Over twenty thousand people descended upon Washington, D.C. in 1993 for the first dyke march. A group of activists known as The Lesbian Avengers planned the march out of anger for feeling unacknowledged, disrespected, and discriminated against in the straight and gay communities.
The Lesbian Avengers began in New York City in the early 90s after seeing too many lesbians arrested or otherwise treated as though they didn’t exist. They wanted to make themselves impossible to ignore. According to the Avengers, they weren’t just going to passively hold signs, they wanted to create a literal movement, and that mindset gave way to the first dyke march.

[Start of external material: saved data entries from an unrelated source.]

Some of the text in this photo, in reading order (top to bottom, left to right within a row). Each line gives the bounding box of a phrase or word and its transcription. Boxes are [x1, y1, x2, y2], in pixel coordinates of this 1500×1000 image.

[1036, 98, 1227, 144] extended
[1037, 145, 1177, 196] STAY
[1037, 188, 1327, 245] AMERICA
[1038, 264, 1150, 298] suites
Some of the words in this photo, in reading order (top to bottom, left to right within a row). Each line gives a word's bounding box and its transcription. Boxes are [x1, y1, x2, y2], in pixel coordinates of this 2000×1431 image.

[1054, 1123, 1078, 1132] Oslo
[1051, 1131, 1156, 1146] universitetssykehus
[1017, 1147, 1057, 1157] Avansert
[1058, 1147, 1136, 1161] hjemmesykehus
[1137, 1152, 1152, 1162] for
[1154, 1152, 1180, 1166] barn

The marches continue today in larger cities during pride celebrations. According to the NYC Dyke March, the march is “a protest march, not a parade.” They invite dykes to come “demonstrate, agitate, [and] liberate!”

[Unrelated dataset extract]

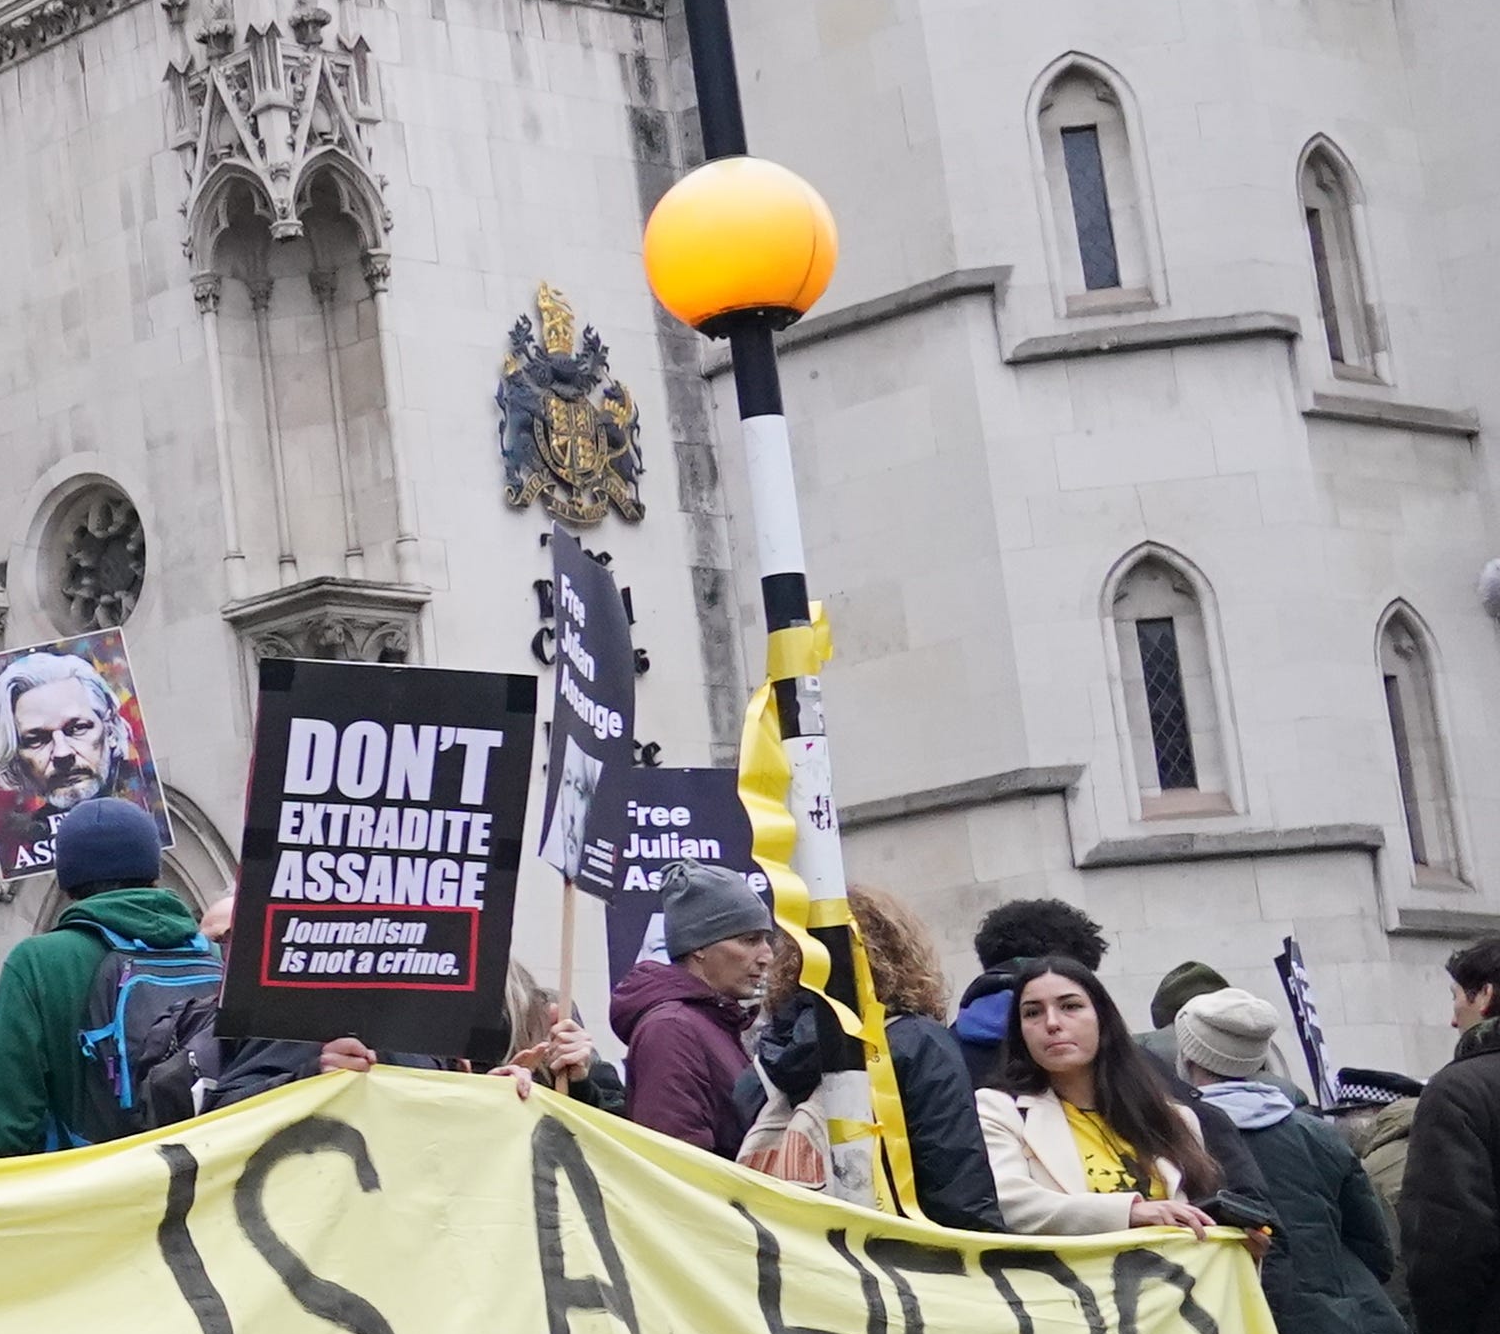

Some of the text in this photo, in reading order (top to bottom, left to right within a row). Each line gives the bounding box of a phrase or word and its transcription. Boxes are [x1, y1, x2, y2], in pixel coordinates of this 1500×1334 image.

The Chicago Dyke March Collective explains the significance of the word, dyke: “We are aware that the word ‘dyke’ has a history of being a pejorative term, and may be perceived as offensive. We use this word as a way of reclaiming a term that historically has been used against us. Dyke March chooses to use to word, ‘dyke’ as a politicized, empowering and reclaimed word.”

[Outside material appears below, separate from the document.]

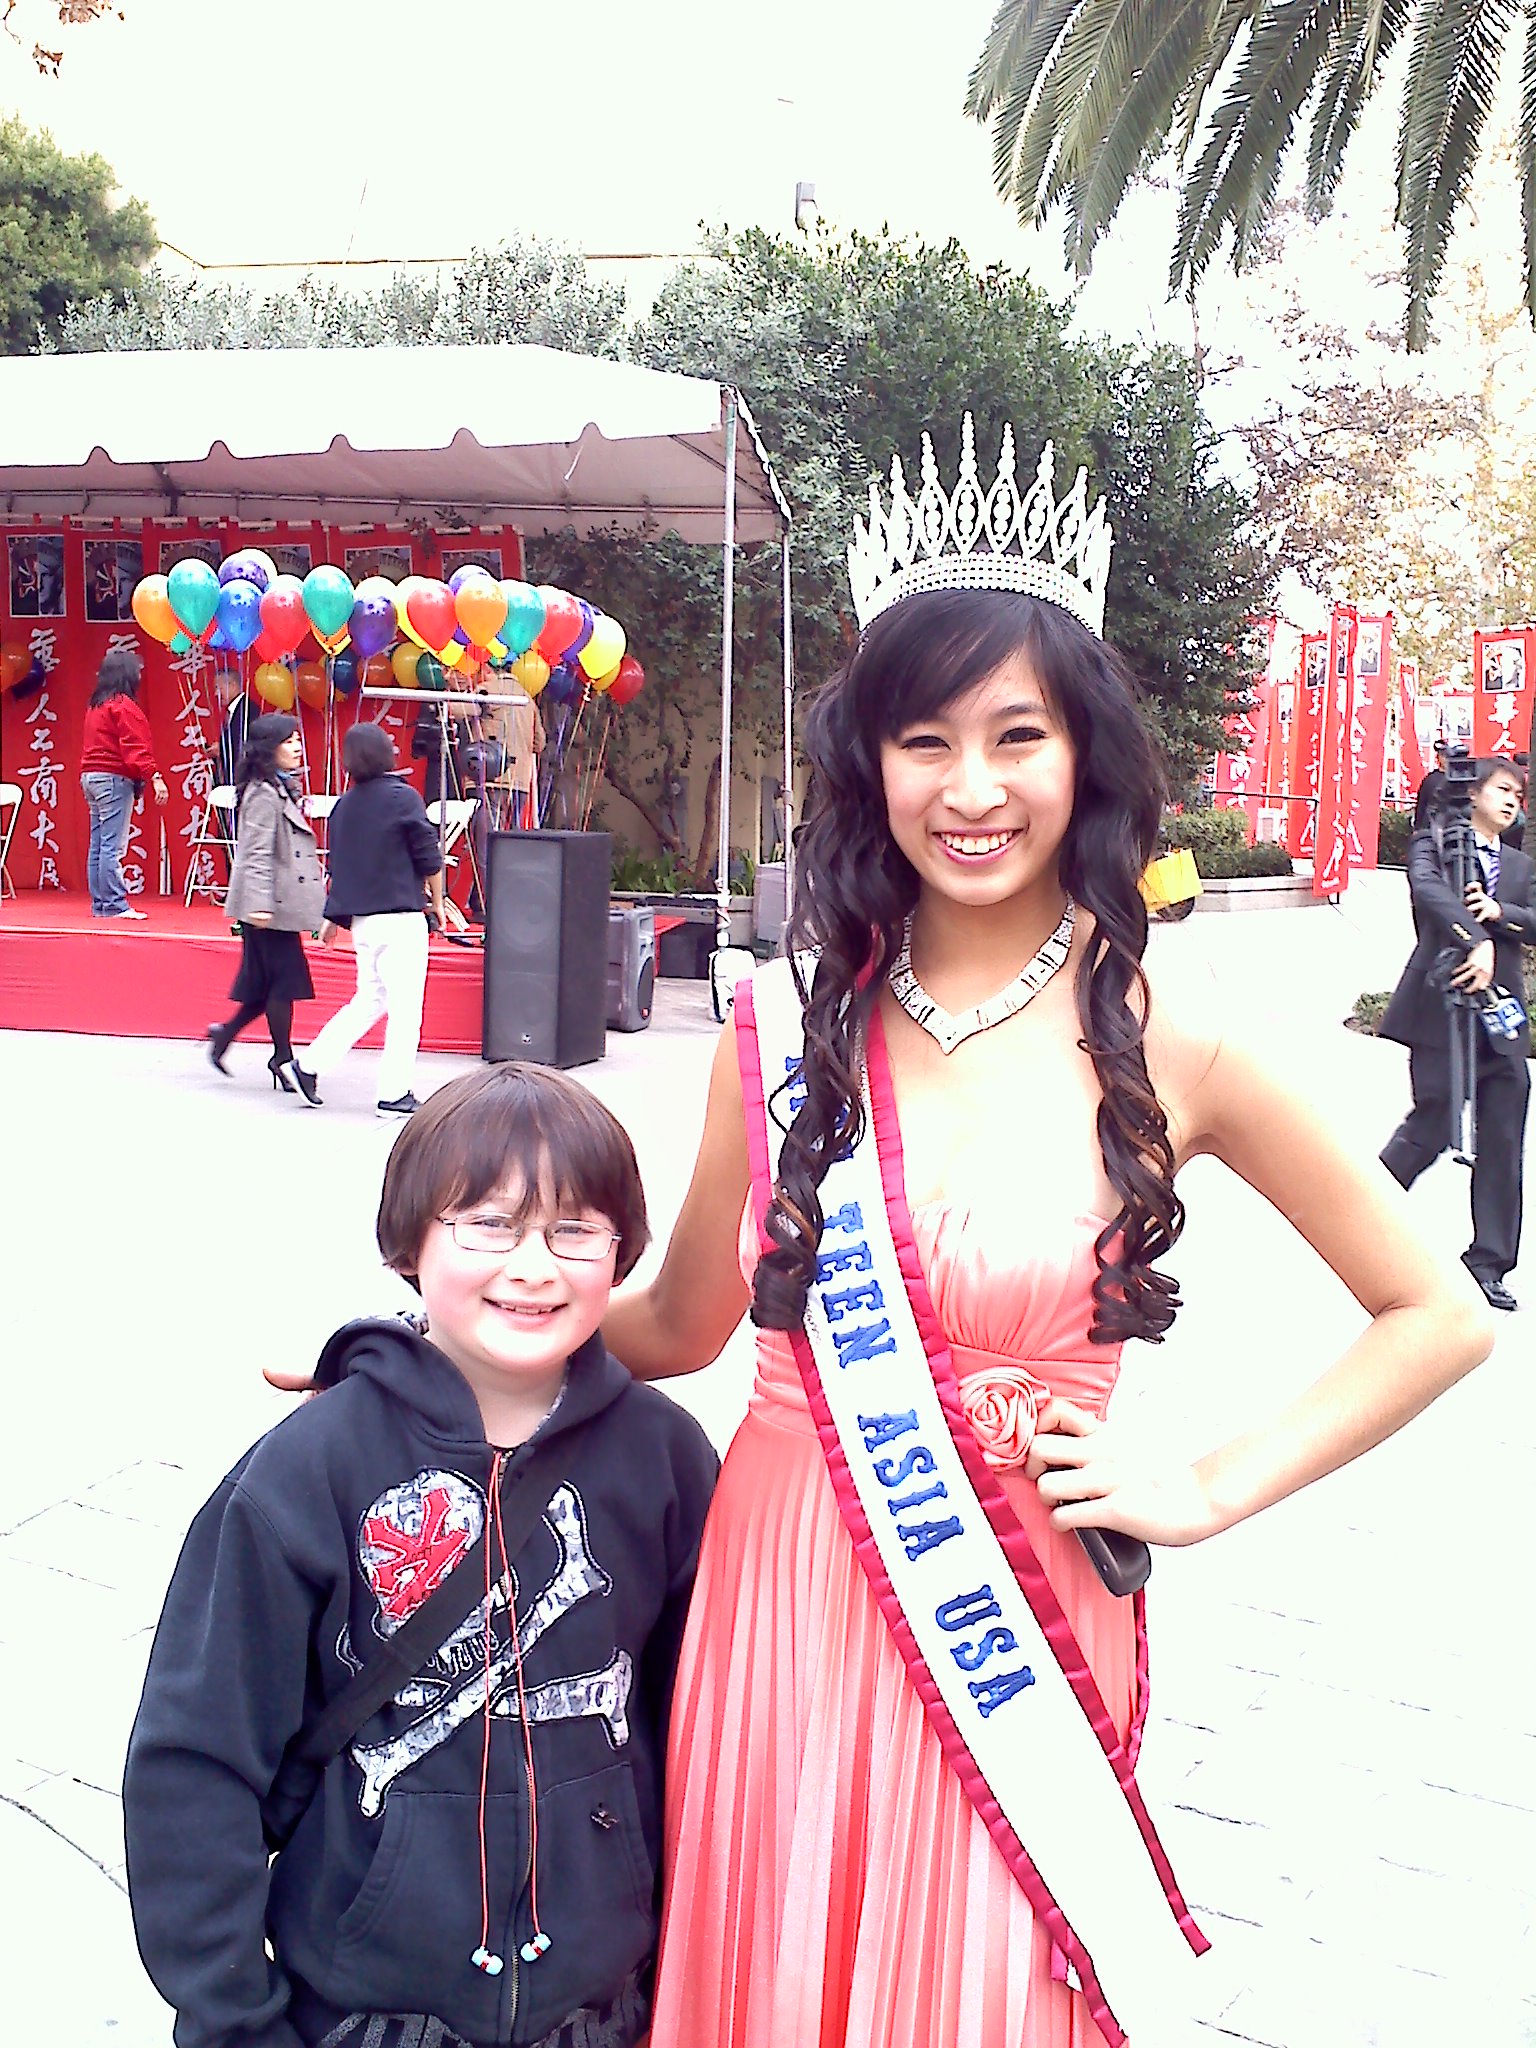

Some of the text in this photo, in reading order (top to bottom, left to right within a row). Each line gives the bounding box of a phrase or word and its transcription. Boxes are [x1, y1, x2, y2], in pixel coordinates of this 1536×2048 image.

[815, 1201, 898, 1370] TEEN
[857, 1408, 965, 1562] ASIA
[935, 1584, 1036, 1719] USA

I experienced the 2013 Dyke March in San Francisco, which, to me, had more of a celebratory energy than a protest. It was kicked off by a band of leather-clad motorcyclists followed by a throng of drummers who played and danced along the entire route. People were hanging out of their windows in the houses that lined the street, cheering and holding signs to celebrate dykehood in all its glory.